HE WROTE A
SEQUEL PREQUEL! I found out yesterday so I bought the book and read it immediately and OH. MY. It was so worth it you have no idea.
It did not, initially, feel worth it. The earlier installments of the Old Kindom series are shrouded in the heavy mists of nostalgia and joy, so I honestly couldn’t tell you if this is a flaw they share, but the writing in the start of Clariel is a bit clunky and rather childish. Lots of over-simple sentences, repetition, overuse of names and just too much “she did this and then she did this and then she did this”. But then… then… there is a moment of euphoria. There is a sudden second of realisation, of understanding where the book fits into the rest of the canon and it is GLORIOUS. I will admit right now, I may have flapped. I may have squeaked. Because I didn’t realise, right up until I realised, and then I couldn’t believe I hadn’t realised.
I’m trying to talk around it, and it’s really hard, because I don’t want to make it obvious to anyone who hasn’t read it, and my tentative Facebook pesterings suggest that my friends have not, on the whole, read it (yet).
To put on my critic mask for a moment, it has a lot in common with the other books, in ways it possibly shouldn’t. My main concern is that Clariel, especially early on, is very Lirael. Nix doesn’t write very many female characters (and don’t get me wrong, they tend to be ace), and he hasn’t done a new one here. In a similar way, the main male character is a bit… wet. Very much like Sameth, in fact. Touchstone was wet too (especially compared to Sabriel) but yeah, Sameth. Nicholas? Also wet.

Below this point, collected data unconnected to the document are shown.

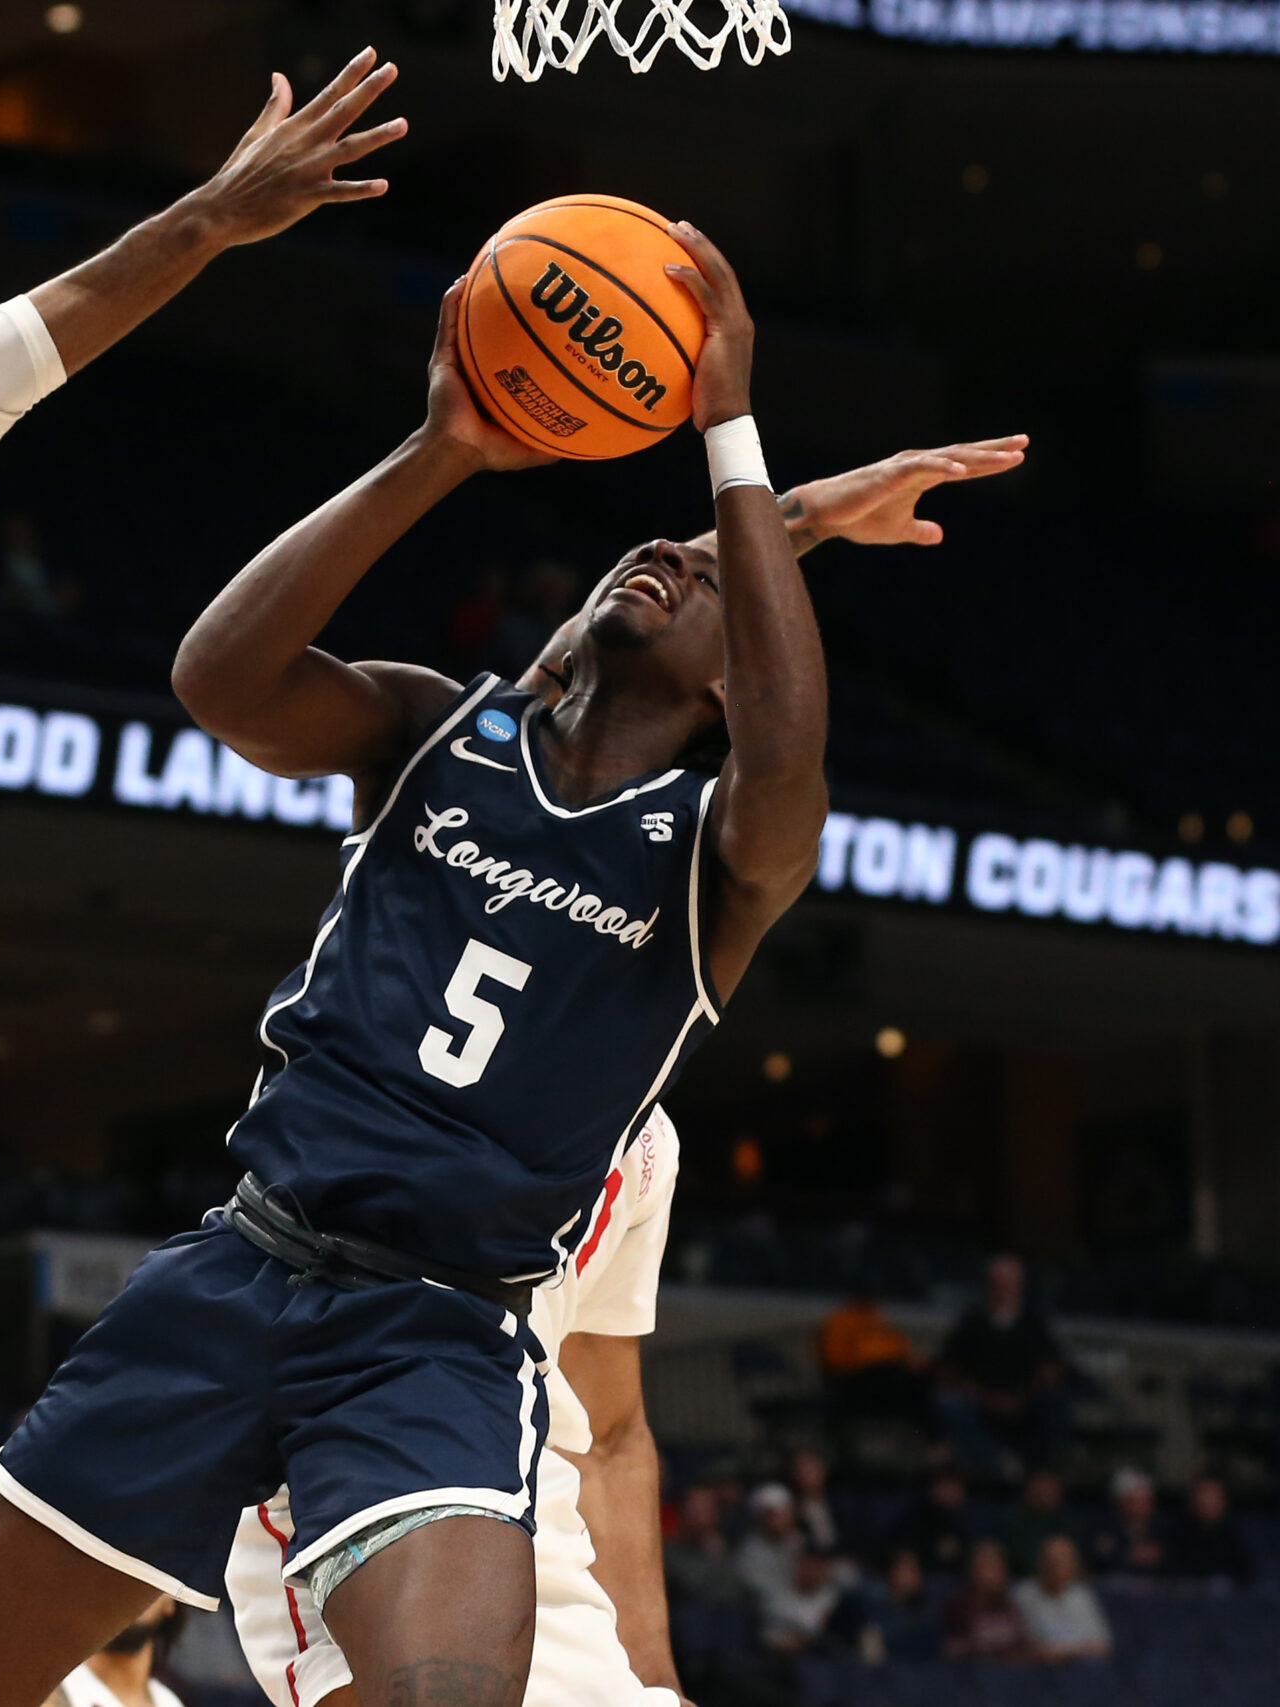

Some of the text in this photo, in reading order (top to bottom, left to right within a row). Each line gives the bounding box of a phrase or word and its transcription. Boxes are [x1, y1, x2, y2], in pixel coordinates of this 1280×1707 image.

[531, 261, 667, 412] Wilson
[565, 343, 609, 383] EVO NXT
[515, 391, 576, 436] MADNESS
[518, 379, 564, 419] MARCH
[414, 802, 660, 949] Longwood
[966, 831, 1280, 945] COUGARS
[418, 938, 533, 1089] 5
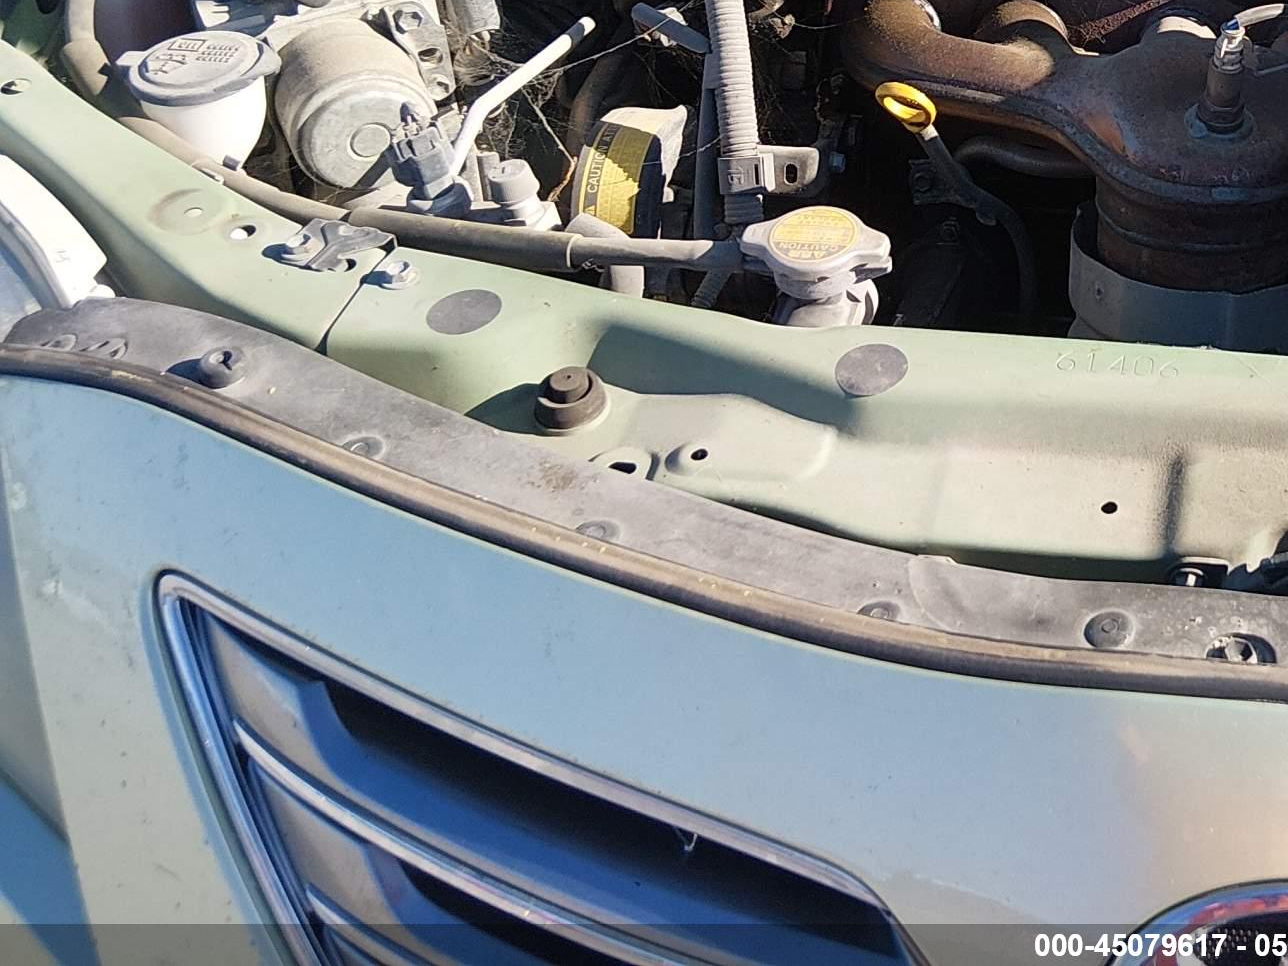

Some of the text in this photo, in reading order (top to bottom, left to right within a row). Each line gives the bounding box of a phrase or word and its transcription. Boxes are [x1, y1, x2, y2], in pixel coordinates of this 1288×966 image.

[586, 144, 609, 194] CAUTION
[779, 241, 840, 252] CAUTION
[1056, 351, 1179, 379] 61406

Despite being male, Nix writes very strong, well-balanced women, and slightly meek, indecisive, wet men who get trampled over a bit by their more successful ladies (who often aren’t very interested in men except for some occasional sex). See also: the Clayr are mostly women and are a bit disdainful of men in general (again, except for the occasional sexytiem). There are a lot of badass lady guards/Clayr glacier stabby women/librarians* going on in this universe. There are a few slightly badass male guards lying about, but as the humanfolk go, really? It’s all in the women. That is just the humanfolk though. As a friend pointed out to me, when you go into the non-humanfolk, there is some awesome going on. And by awesome, I mean MOGGET. And yes, he does appear in Clariel (so all is well and we can read the book in happiness and peace).
The only really competent man I can think of is Terciel (Sabriel’s dad). And he’s minor, and backgroundy, and is still competent in a quiet, wistful, thoughtful way, not the full on “look at me Abhorsening around the place and fixing several hundred years of screw up” that his daughter does. Nix just makes his women shine (in a slightly bossy way) and his men… step back. They don’t faint weakly and meekly, but nor do they stand forward like their sisters, mothers, lovers, aunts and nieces. Not sure how I feel about it, to be honest. Because I’m not against good, strong women. That would be stupid. But there probably ought to be a bit of variety somewhere in there. Maybe a couple of meek women, or just ones who weren’t very fighty badass (fighty does include magic and necromancy here), and maybe one man who was, for the sake of contrast. I suppose Hedge could count, but he’s not… really human.
I’m wandering off a little here. Clariel is more tightly focussed on the main character than Lirael or Abhorsen were, and much more like Sabriel in a lot of ways. Like Sabriel, Terciel is a bit at sea about an awful lot of the world around here, immersed in something new and unfamiliar somewhat against her will. It’s much more a standalone book, keen on exploring the details of the world and the mysteries it can hold, rather than ramping up the drama stakes and saving the universe from evil and cliff-hangers. Like Sabriel, again, the plot is closely bound with one girl’s small aim in a world full of bigger troubles, never wanting to get sucked into all the issues around her but finding herself unable to say no. It’s not a carbon copy, but there’s a lot of parallels you can draw between the two, and that’s where I think the joy actually lies. It creates the meh at the beginning (in the form of “yes yes we’ve seen this all before, what’s new?”) only to flip it all over later in the book and slap you in the face. In a good way, if that’s possible. I strongly suspect Nix knew what he was doing when he made the two so similar, and wanted to create precisely that effect. Whether the same is true for the character creation? Not so sure.
In any case, if you loved the Old Kingdom books, I cannot see a way not to love Clariel. It’s not the best, but it slots in so neatly to *mumble mumble clamps hand over mouth to prevent spoilers* that you can’t help but enjoy it. It’s exhilarating, and fantastic and thoroughly joyful, even when it’s sad (again, like Sabriel**). Read it. Read it now.
*That was my favourite bit of Lirael. The librarians are superheroes who fight monsters. And catalogue books.
**My favourite bit of Sabriel is actually when Sabriel thinks she’s going to die, and she reads the inscription on her sword (the Clayr saw me, the Wallmakers made me, the King quenched me, the Abhorsen wields me, so that no Dead shall walk in life, for this is not their path) again in a distressingly melodramatic way. It makes me so happy inside, and I don’t even know why.